Referring expression grounding data

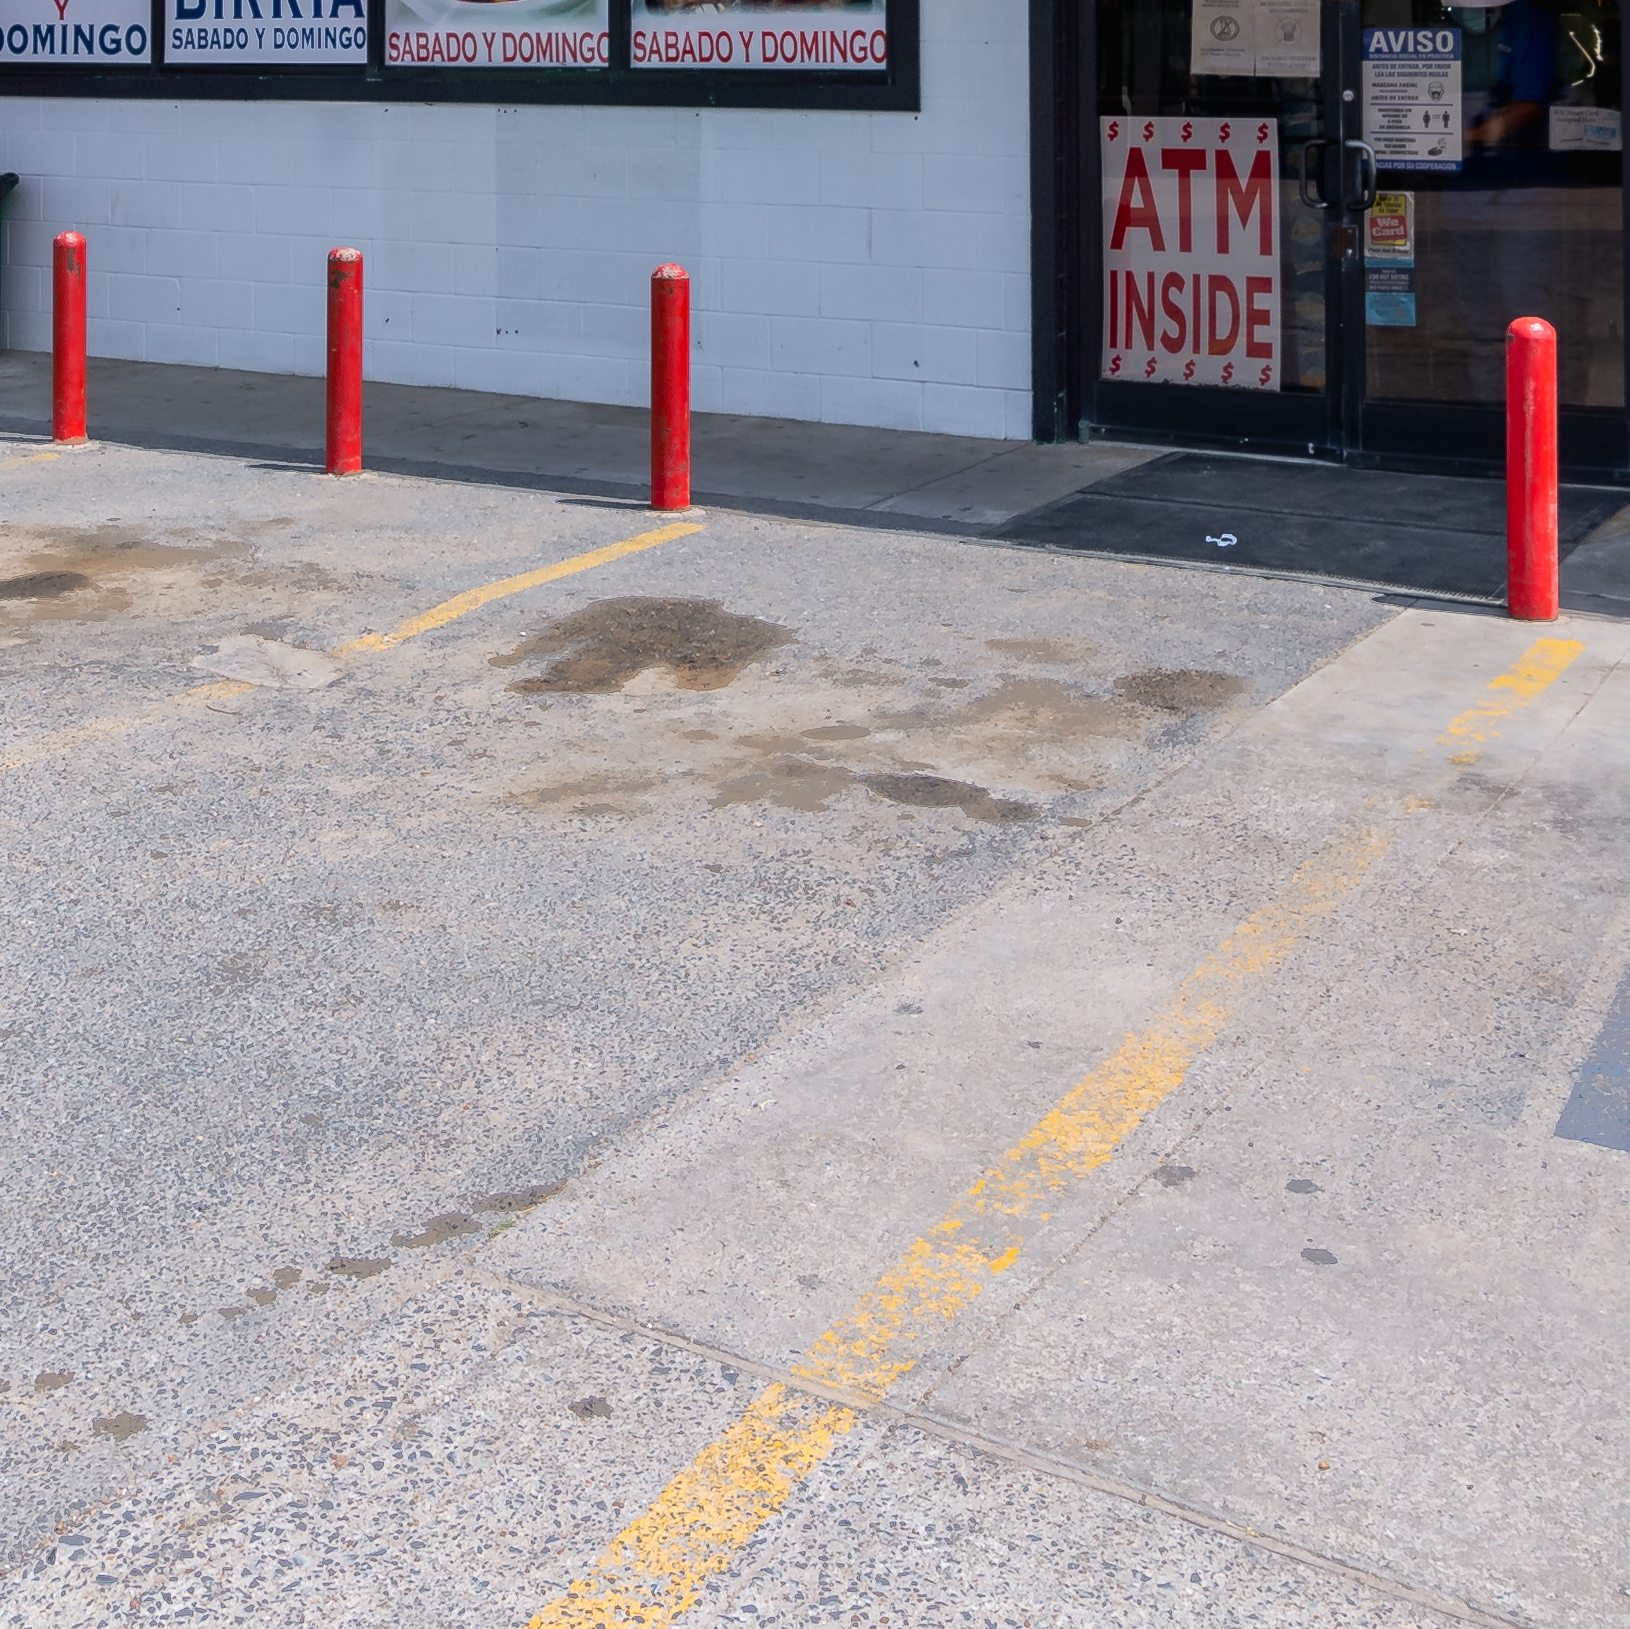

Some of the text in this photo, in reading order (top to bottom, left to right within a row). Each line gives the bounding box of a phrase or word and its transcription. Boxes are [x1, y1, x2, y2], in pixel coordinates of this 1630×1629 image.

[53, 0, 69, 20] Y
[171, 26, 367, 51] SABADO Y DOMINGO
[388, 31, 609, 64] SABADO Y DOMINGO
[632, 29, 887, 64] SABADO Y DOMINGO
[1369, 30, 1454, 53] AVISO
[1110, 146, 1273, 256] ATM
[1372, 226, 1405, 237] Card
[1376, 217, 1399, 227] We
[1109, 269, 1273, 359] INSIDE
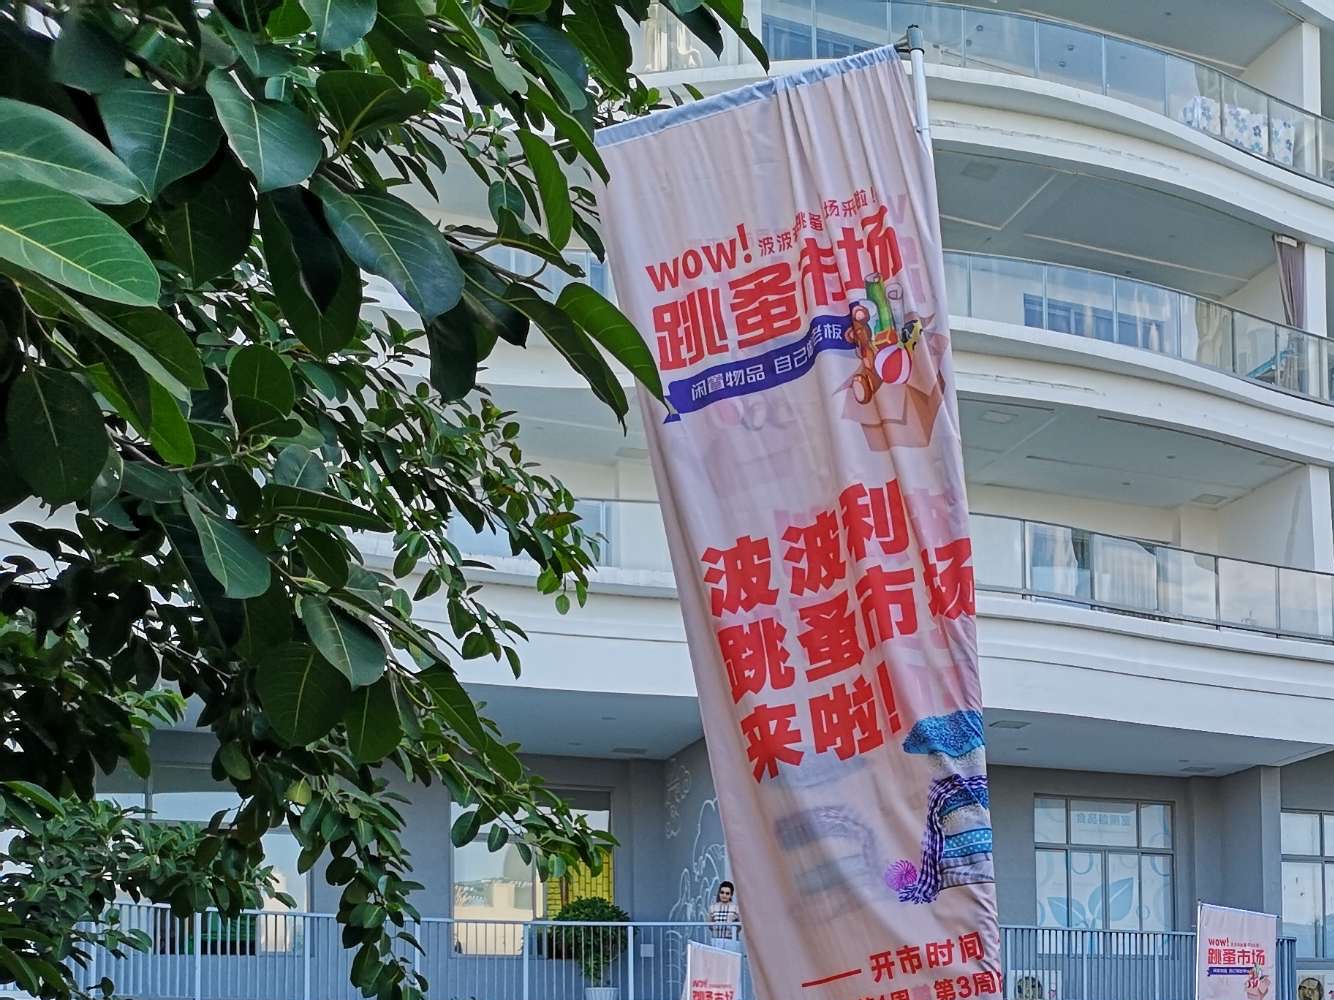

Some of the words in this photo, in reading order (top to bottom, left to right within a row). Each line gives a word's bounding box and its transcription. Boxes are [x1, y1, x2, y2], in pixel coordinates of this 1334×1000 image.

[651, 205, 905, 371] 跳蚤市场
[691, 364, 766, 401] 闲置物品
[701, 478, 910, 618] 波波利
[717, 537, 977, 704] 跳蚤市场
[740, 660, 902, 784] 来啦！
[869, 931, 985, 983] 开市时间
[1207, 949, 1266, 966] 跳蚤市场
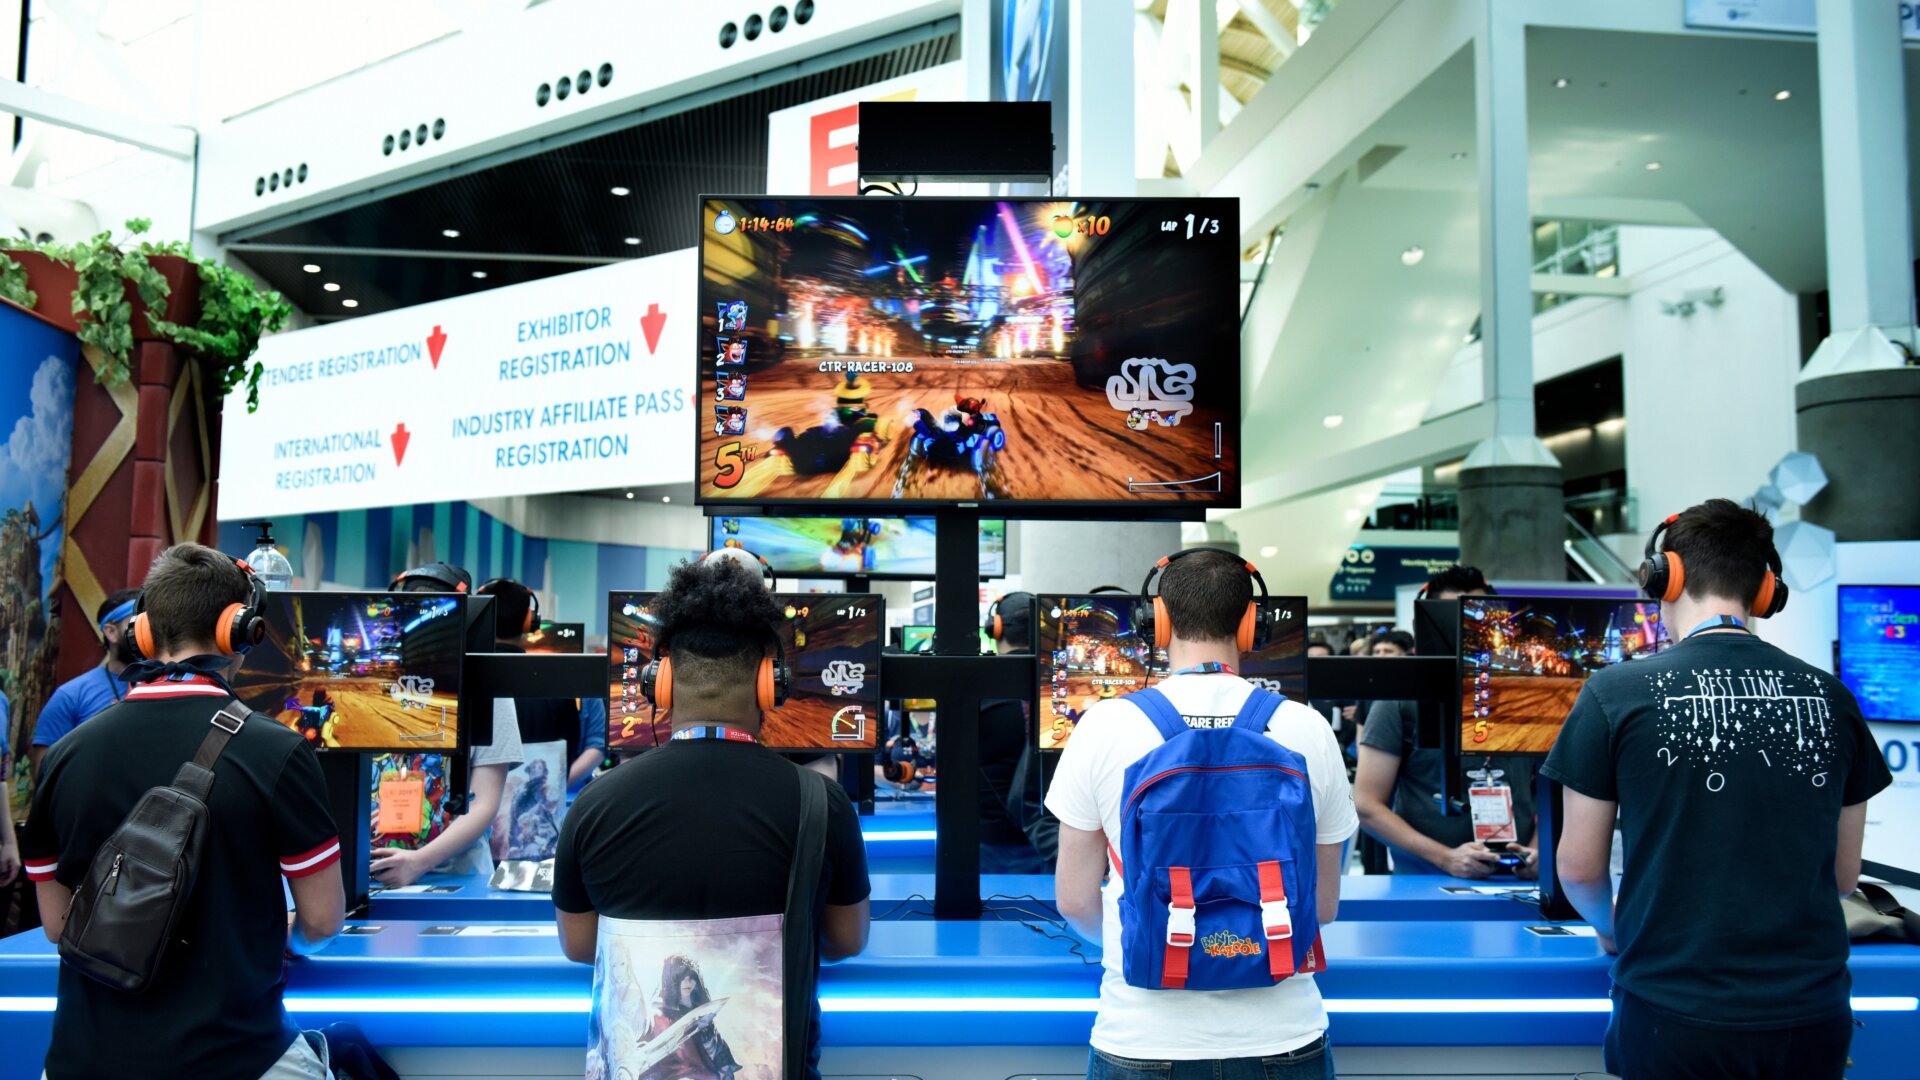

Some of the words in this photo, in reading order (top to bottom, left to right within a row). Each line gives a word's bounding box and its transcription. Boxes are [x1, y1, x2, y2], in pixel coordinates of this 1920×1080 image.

#### TASK TO COMPLETE:
Write the entries out again word for word. Omit all pictures from them.

#### WRITTEN ANSWER:
Some of the text in this photo, in reading order (top to bottom, left to right within a row). Each line gives the bounding box of a phrase or word and its transcription. Boxes are [x1, y1, x2, y2], in pixel coordinates of this 1630×1629 image.

[53, 0, 69, 20] Y
[171, 26, 367, 51] SABADO Y DOMINGO
[388, 31, 609, 64] SABADO Y DOMINGO
[632, 29, 887, 64] SABADO Y DOMINGO
[1369, 30, 1454, 53] AVISO
[1110, 146, 1273, 256] ATM
[1372, 226, 1405, 237] Card
[1376, 217, 1399, 227] We
[1109, 269, 1273, 359] INSIDE

Some of the words in this photo, in reading order (top to bottom, left to right within a row). Each line gives a word's bounding box and its transcription. Boxes are [x1, y1, x2, y2], in pixel coordinates of this 1334×1000 image.

[651, 205, 905, 371] 跳蚤市场
[691, 364, 766, 401] 闲置物品
[701, 478, 910, 618] 波波利
[717, 537, 977, 704] 跳蚤市场
[740, 660, 902, 784] 来啦！
[869, 931, 985, 983] 开市时间
[1207, 949, 1266, 966] 跳蚤市场

Some of the words in this photo, in reading order (top to bottom, left to right within a row). Each line gives a word's bounding box and its transcription. Boxes are [x1, y1, x2, y2], in pixel coordinates of this 1920×1080 image.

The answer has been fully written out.